▶ **Work to complete**
Copy out, precisely as given, the lines from the line with "Some of the text" to the end of the entries that follow.

Records for the exercise section start

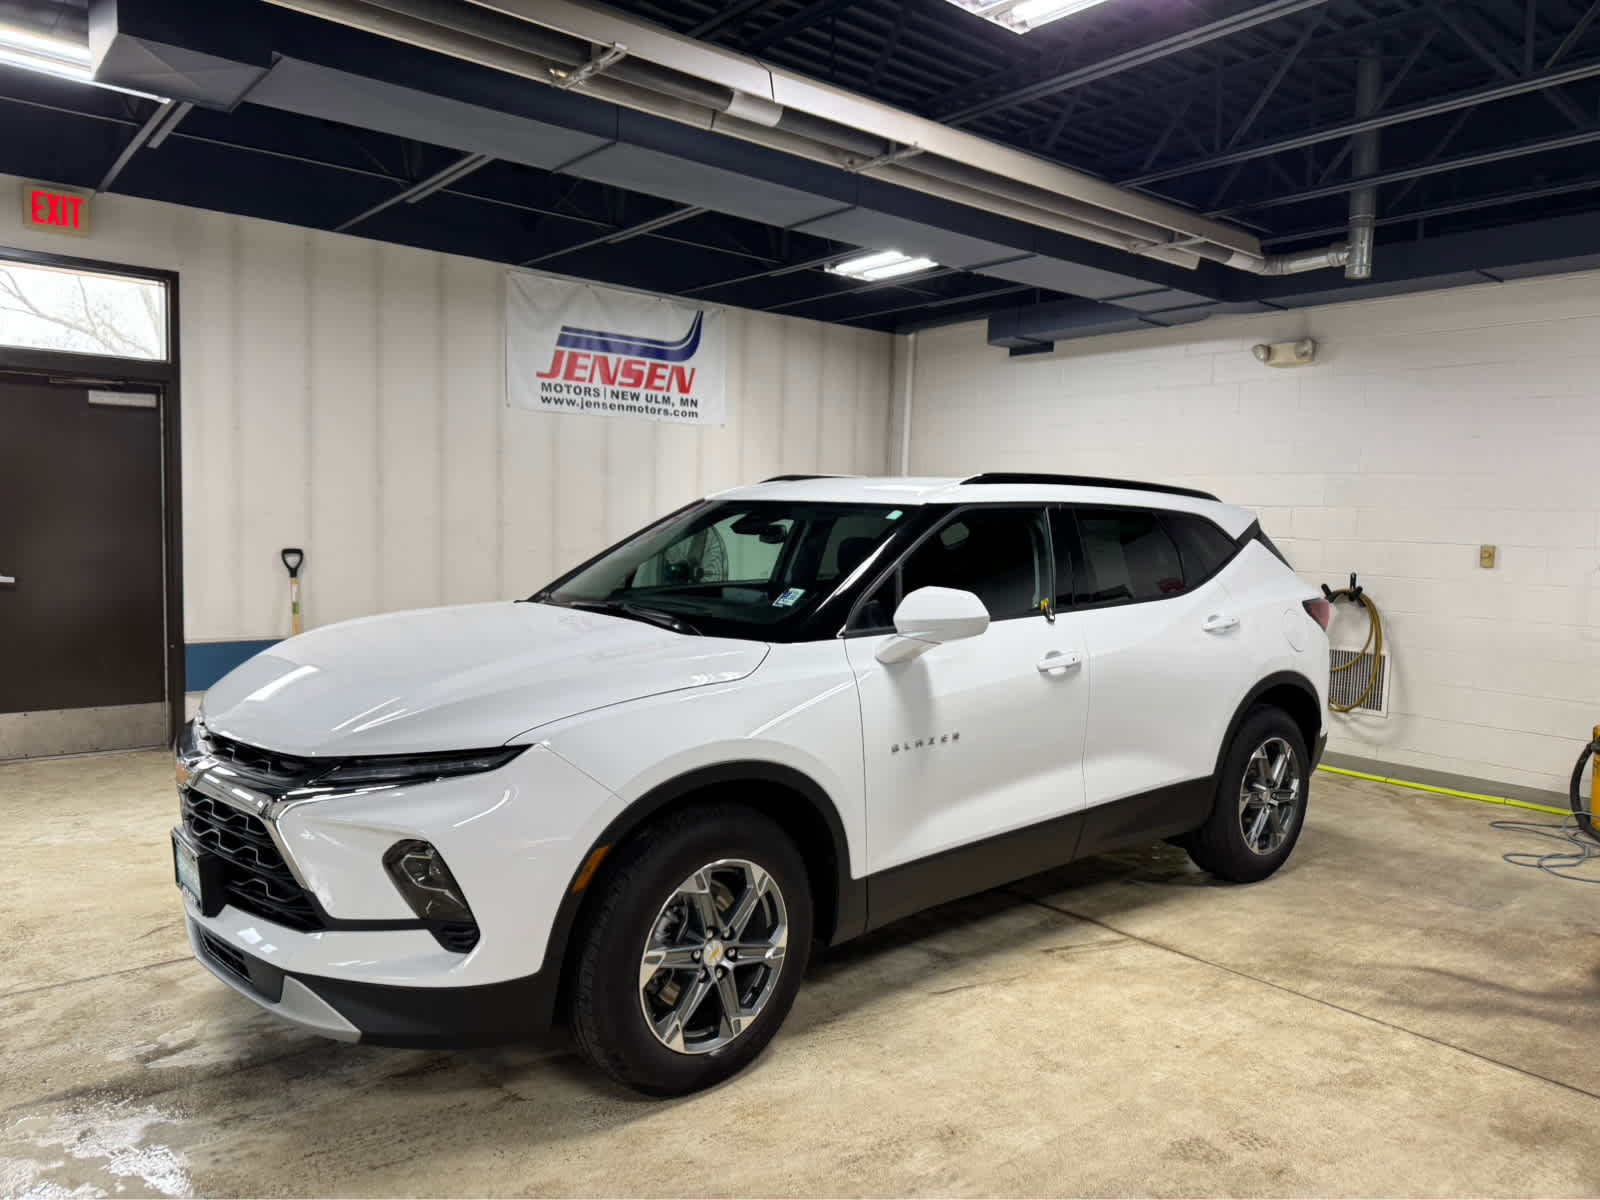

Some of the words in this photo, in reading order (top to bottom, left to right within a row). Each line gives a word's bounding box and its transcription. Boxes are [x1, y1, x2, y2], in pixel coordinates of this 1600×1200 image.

[32, 191, 83, 228] EXIT
[536, 350, 696, 394] JENSEN
[541, 382, 600, 398] MOTORS
[610, 389, 640, 402] NEW
[645, 394, 675, 408] ULM,
[680, 397, 698, 408] MN
[541, 395, 698, 419] www.jensenmotors.com
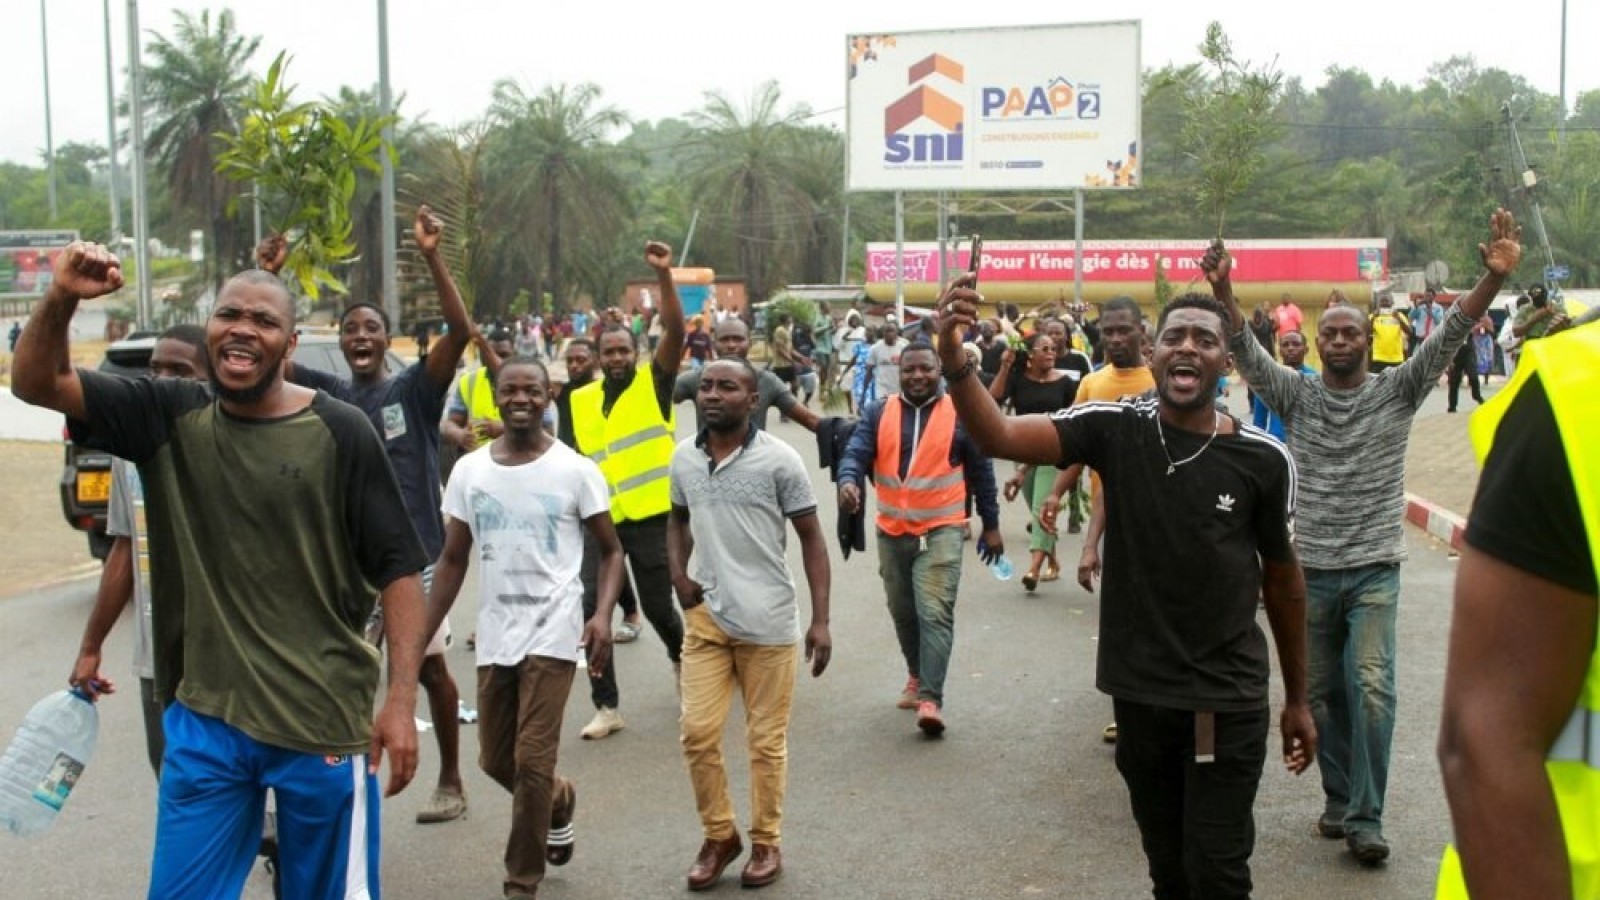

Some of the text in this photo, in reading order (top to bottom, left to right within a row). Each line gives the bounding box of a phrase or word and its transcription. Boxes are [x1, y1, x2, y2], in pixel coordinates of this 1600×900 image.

[982, 85, 1097, 117] PAAP 2
[884, 122, 963, 163] sni
[981, 254, 1024, 270] Pour
[1030, 252, 1110, 273] l'énegie
[1116, 252, 1149, 270] dès

Records for the exercise section end

▶ **Solution to this task**
Some of the text in this photo, in reading order (top to bottom, left to right within a row). Each line gives the bounding box of a phrase or word and its transcription. Boxes are [x1, y1, x2, y2], in pixel coordinates of this 1600×900 image.

[982, 85, 1097, 117] PAAP 2
[884, 122, 963, 163] sni
[981, 254, 1024, 270] Pour
[1030, 252, 1110, 273] l'énegie
[1116, 252, 1149, 270] dès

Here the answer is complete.